What replaced baseball cards was not so good. I get an irrational sense of nostalgia when I think about how kids used to revel in the glory of the cardboard, collecting shoeboxes full of ballplayers, putting the cards in the spokes of their bicycles, and trading the cards with each other. A lot of things set the decline of card collecting in motion, the first being the insanity of the American collector mentality. Somehow, junk became treasure. Somebody's piece of garbage old bench became labeled "antique." People started buying up rusted old farm junk and putting it in their yards, often planting flowers around it. Morons started paying $200 to buy stuffed animals that cost $5.99 in a store. A whole industry sprung up so people could store their excessive flow of junk in separate garages because it wouldn't fit into their houses. And business jumped on this. Turn on the television and you'll see advertisements for "Barack Obama Commemorative Coins." They look like toys from a Happy Meal, but they are "commemorative" and come with "certificates of authenticity!" For only $10, you can buy three quarters! There's so much "collectible" junk out there that nothing is rare anymore. That's how the baseball card industry killed itself.
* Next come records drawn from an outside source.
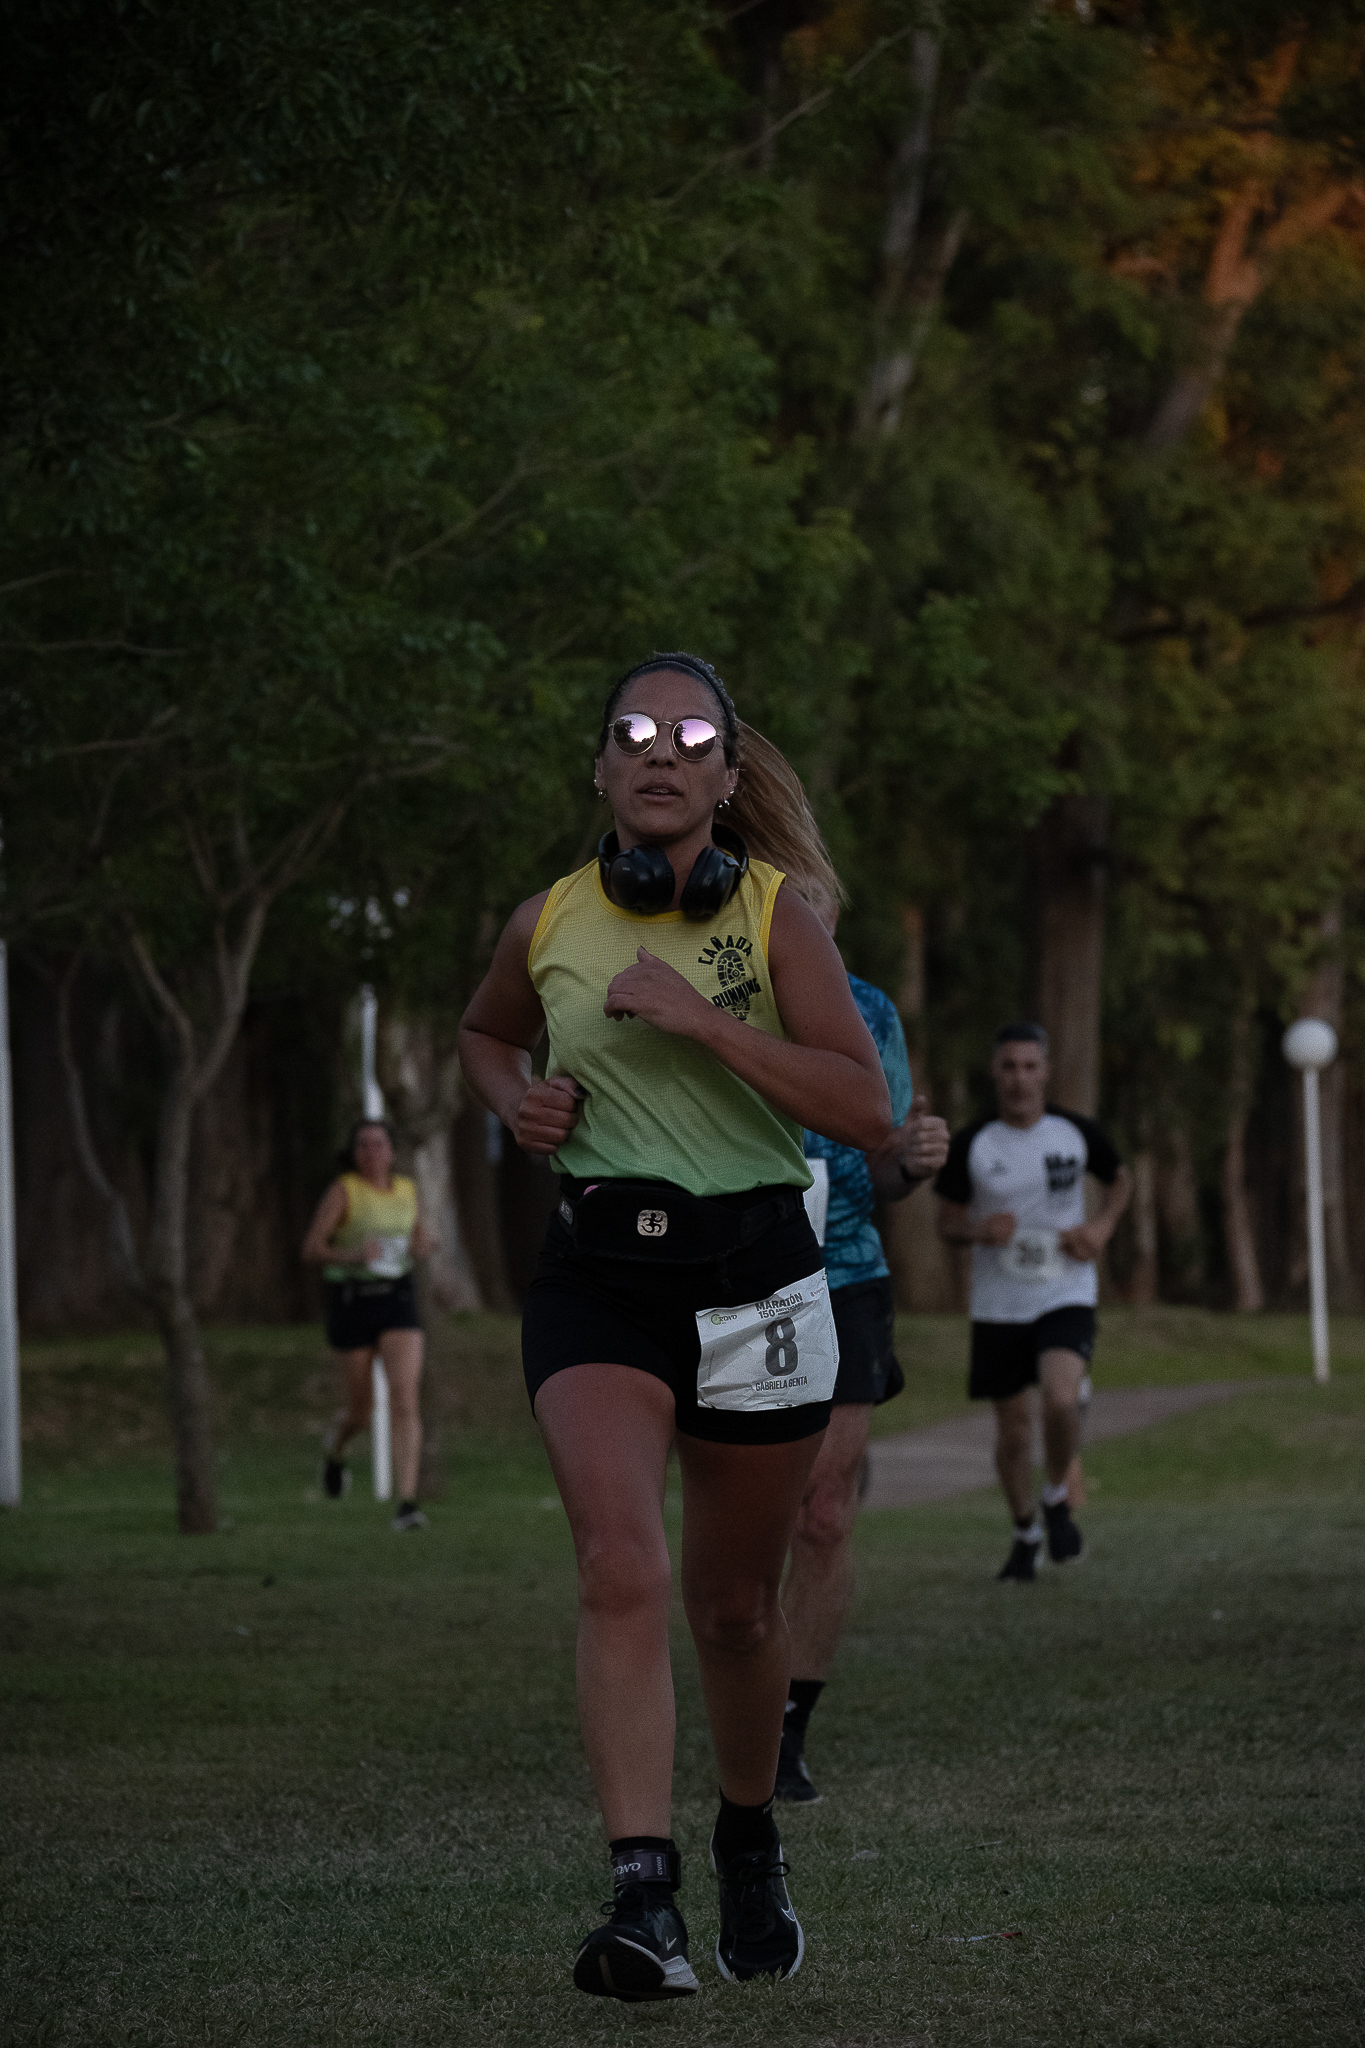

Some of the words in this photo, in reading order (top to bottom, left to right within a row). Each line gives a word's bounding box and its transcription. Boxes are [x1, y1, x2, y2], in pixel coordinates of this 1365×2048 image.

[711, 978, 761, 1009] RUNNING
[755, 1292, 803, 1312] MARATÓN
[758, 1309, 776, 1319] 150
[765, 1317, 798, 1377] 8
[755, 1378, 788, 1391] GABRIELA
[788, 1376, 808, 1387] GENTA
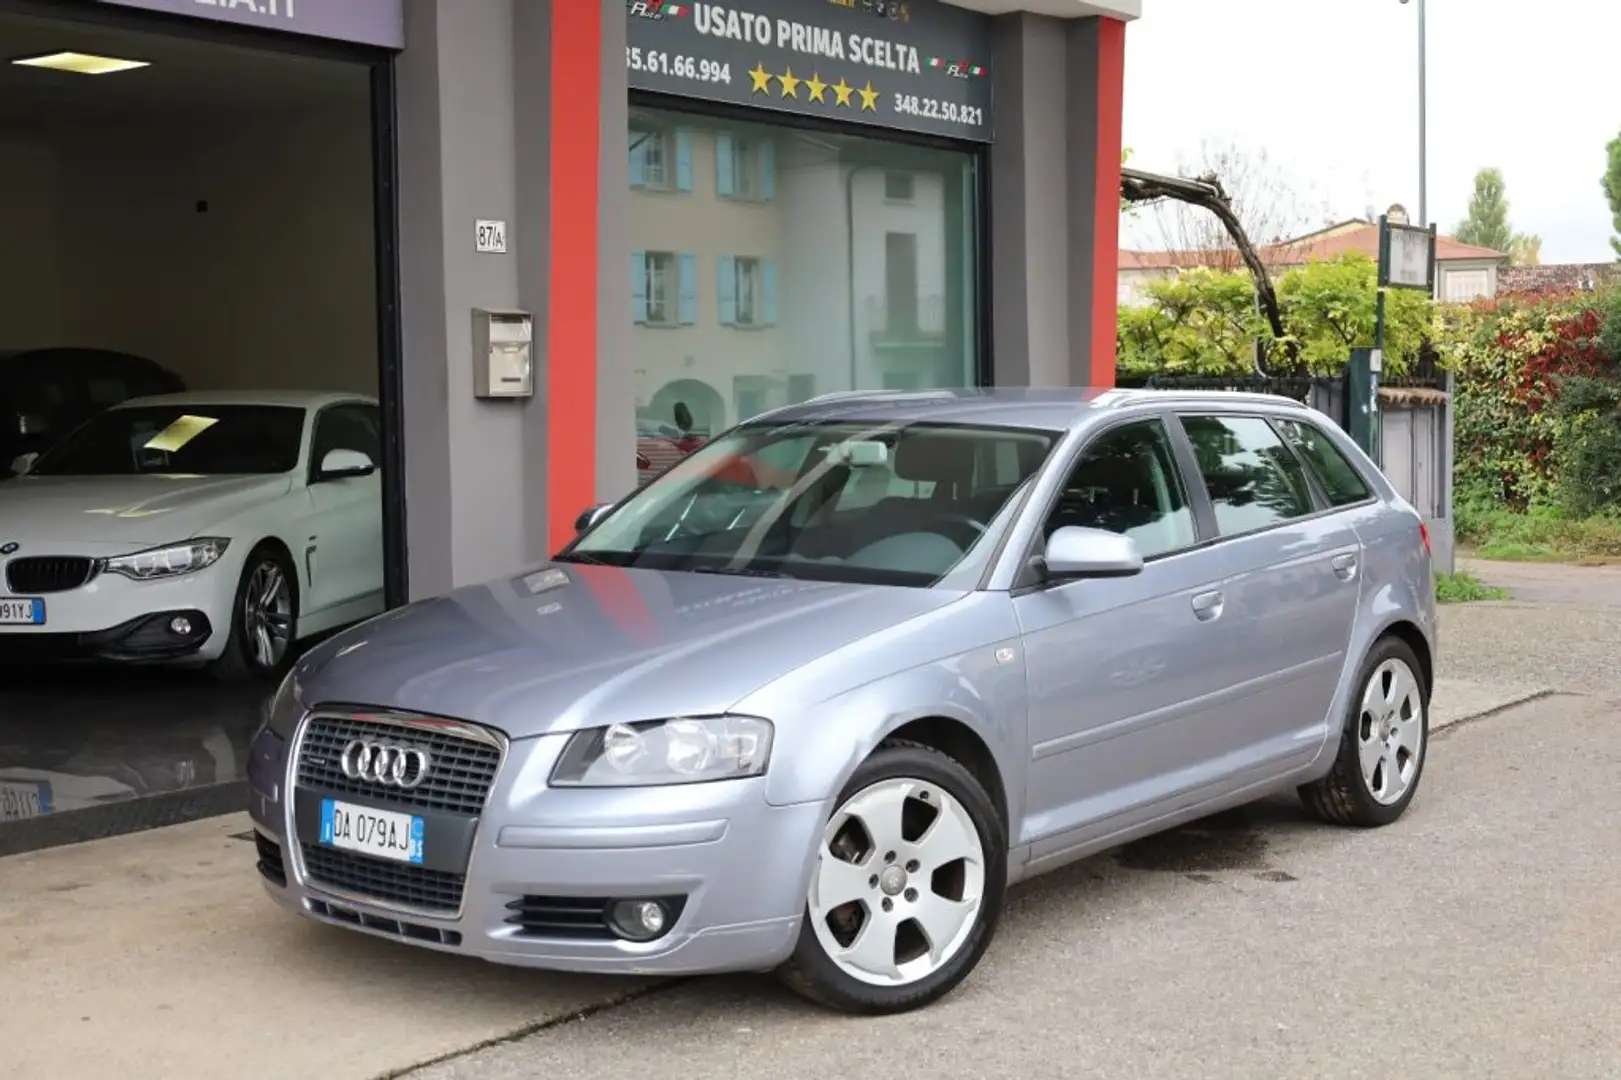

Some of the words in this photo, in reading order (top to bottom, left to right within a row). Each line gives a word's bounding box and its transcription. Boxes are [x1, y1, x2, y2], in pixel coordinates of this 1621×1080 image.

[694, 2, 772, 46] USATO
[777, 19, 844, 60] PRIMA
[848, 34, 920, 75] SCELTA
[894, 93, 982, 126] 348.22.50.821
[479, 226, 503, 248] 87/A
[334, 809, 350, 840] DA
[357, 814, 410, 850] 079AJ
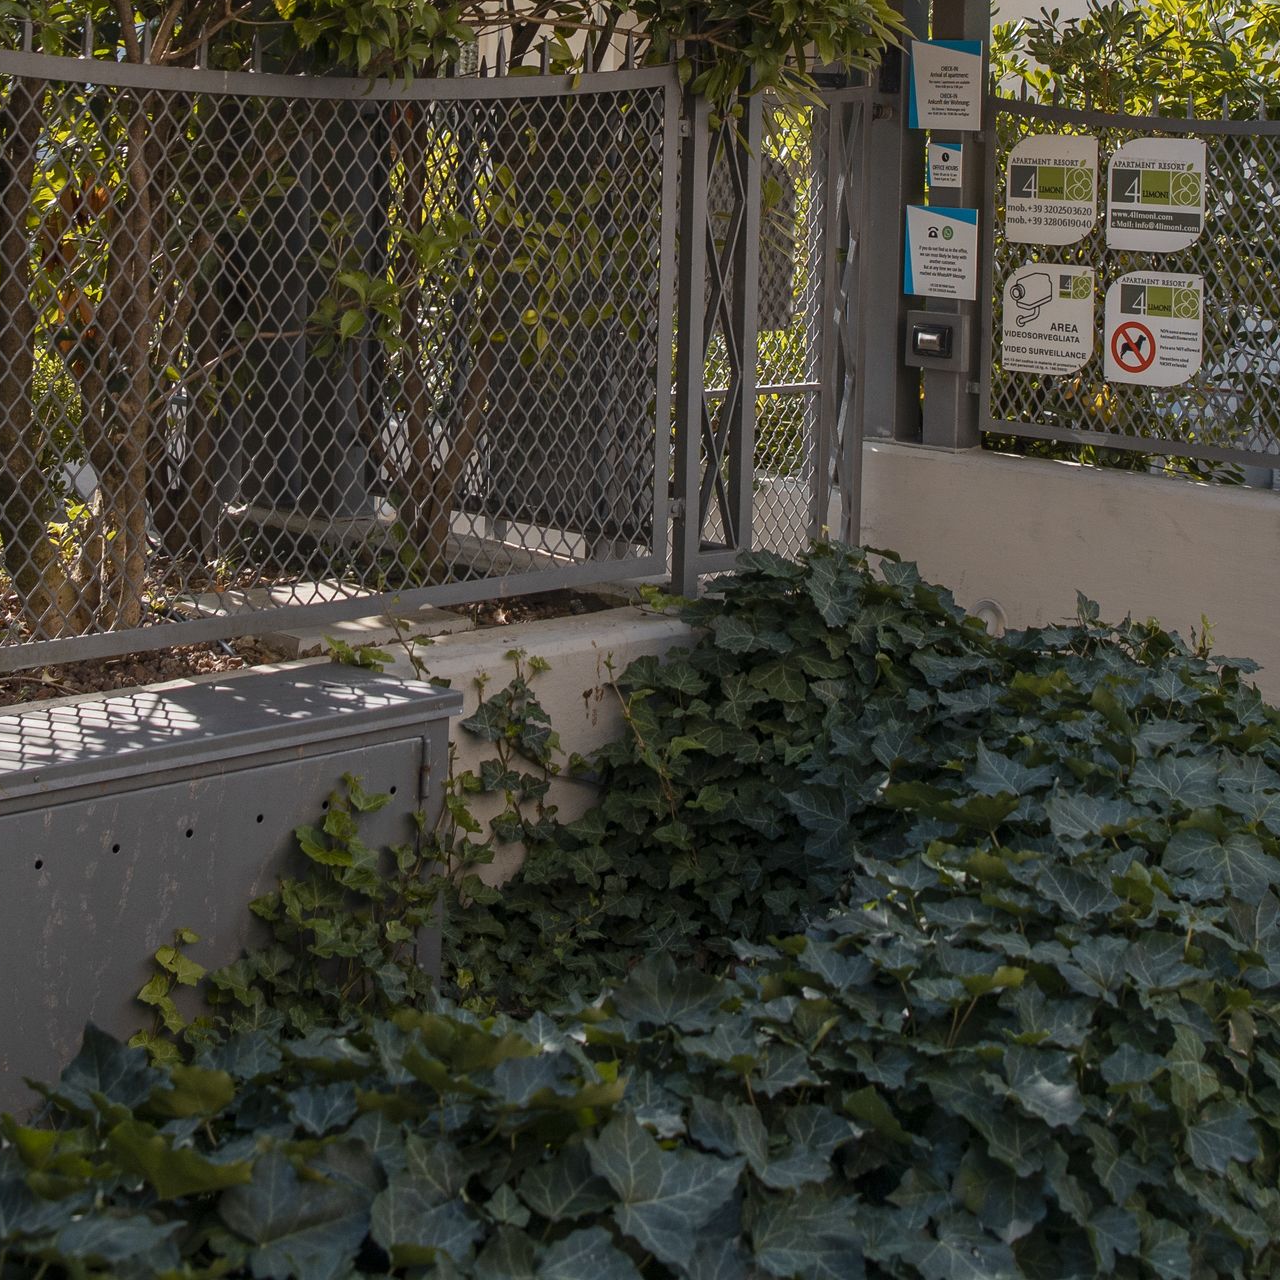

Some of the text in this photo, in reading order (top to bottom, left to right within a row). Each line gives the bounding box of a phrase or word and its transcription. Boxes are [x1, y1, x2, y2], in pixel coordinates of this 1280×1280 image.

[1011, 157, 1079, 167] APARTMENT RESORT
[1113, 161, 1186, 170] APARTMENT RESORT
[1022, 173, 1064, 198] 4 LIMONI
[1124, 176, 1169, 203] 4 LIMONI
[1044, 205, 1093, 216] 3202503620
[1112, 211, 1173, 221] www.4limoni.com
[1044, 218, 1092, 228] 3280619040
[1122, 277, 1186, 287] APARTMENT RESORT
[1132, 291, 1146, 315] 4
[1050, 323, 1079, 333] AREA
[1004, 330, 1080, 343] VIDEOSORVEGLIATA
[1004, 345, 1087, 360] VIDEO SURVEILLANCE
When I first started collecting baseball cards back in 1987, they were 50 cents a pack. Instead of my post-game Little League treat, I got a pack of Topps cards with the wooden borders. In 1989, the Upper Deck company was born, bringing in the era of "premium card." We all fell for it. We liked the shininess of the cards. The other companies jumped on the wagon, producing shiny cards they inserted into their regular card sets. Insert mania drove card prices through the roof and the price of a pack of cards rose as the number of cards you got shrunk. What kid could afford to buy ten cards for two bucks? At that rate, it'd cost you almost two hundred bucks to collect a set of Topps cards.
I stopped collecting in college, in part because I felt I was getting too old for baseball cards, but mostly because it got to be too expensive. Now kids don't buy baseball cards. They buy Pokemon cards instead, and the baseball card industry only has itself to blame for that.